Sin embargo, hay algo profundamente irónico en esa incomodidad. La filosofía y la ciencia, como sabréis, no siempre fueron disciplinas separadas. Durante siglos, lo que hoy llamamos «ciencia natural» era simplemente «filosofía natural»: Aristóteles observaba animales y clasificaba seres vivos con la misma actitud con que reflexionaba sobre la justicia o el movimiento. La separación es moderna, y en gran medida, artificial. Que hoy tengamos que preguntarnos si la filosofía ‘cuenta’ como ciencia dice tanto del concepto de ciencia como de la filosofía misma.
El propio concepto de ciencia es problemático. No existe una definición cerrada y universalmente aceptada, algo que las lecturas del tema dejan entrever con honestidad. Lo que sí parece compartido es que la ciencia nace de una actitud: la curiosidad y el asombro ante lo que no se entiende. Aristóteles lo formuló hace veinticuatro siglos: «los hombres comenzaron a filosofar al quedarse maravillados ante algo». Pero también lo recoge, en clave contemporánea, Hannah Arendt cuando señala que el pensamiento genuino comienza siempre en la perplejidad, en esa interrupción del automatismo cotidiano que nos obliga a detenernos y preguntar. Esa misma perplejidad es la que mueve cualquier investigación digna de ese nombre, sea en un laboratorio, en una biblioteca o en la misma mente.
Lo que más me ha resonado de las lecturas es justamente esto: la propuesta de definir la ciencia por sus actitudes más que por sus métodos. Rigor, honestidad intelectual, apertura a la crítica, disposición a cambiar de postura ante mejores razones. Con esa vara de medir, hacer buena filosofía y hacer buena ciencia se parecen bastante.
También me ha resultado cercana la aproximación de Ruy Pérez Montfort, que describe la actividad científica como una práctica: partir de un problema, rastrear lo que ya se sabe, y tratar de añadir algo nuevo. En ese sentido, mi investigación sobre la fatiga digital y las nuevas formas de biopolítica emocional sigue una lógica similar, que parte, no de fórmulas, pero sí de datos, encuestas, conceptos, argumentos, textos y trabajo de campo.

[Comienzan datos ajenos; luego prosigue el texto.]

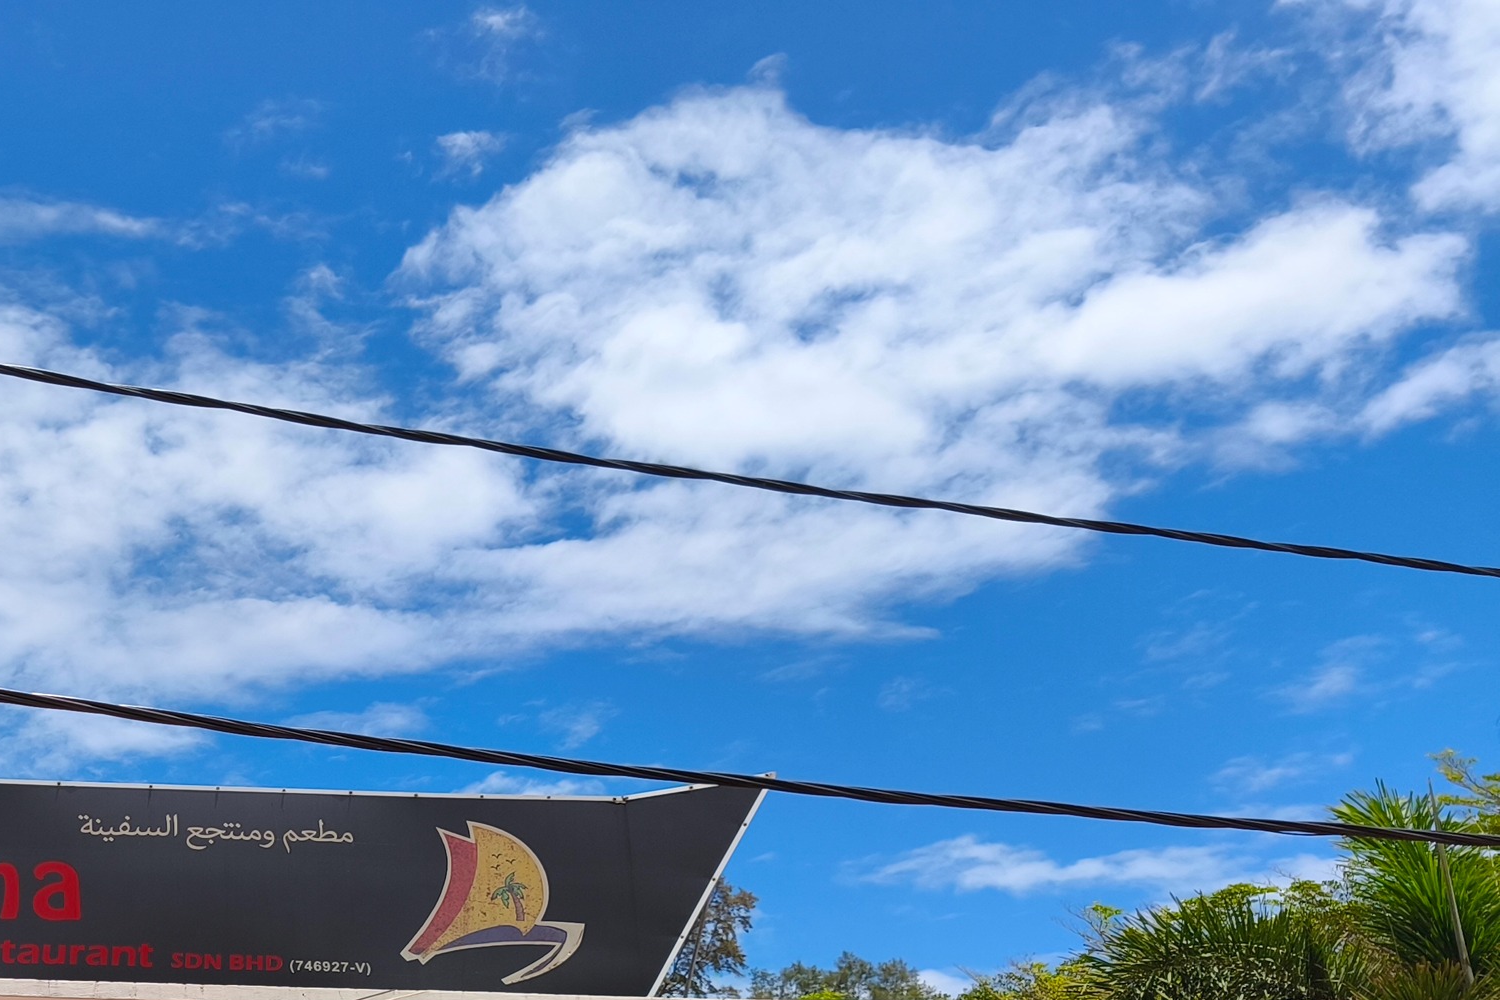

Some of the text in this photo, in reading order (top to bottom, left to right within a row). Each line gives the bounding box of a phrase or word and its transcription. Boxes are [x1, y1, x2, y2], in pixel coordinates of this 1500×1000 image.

En definitiva, creo que la filosofía habita una zona limítrofe: comparte los valores de la ciencia sin ser una ciencia natural. Lejos de verlo como un problema, lo entiendo como una posición privilegiada desde la que pensar fenómenos como el que investigo, esos espacios difusos donde el poder, la emoción y la tecnología se entrecruzan sin que ninguna disciplina sola pueda abarcarlos del todo.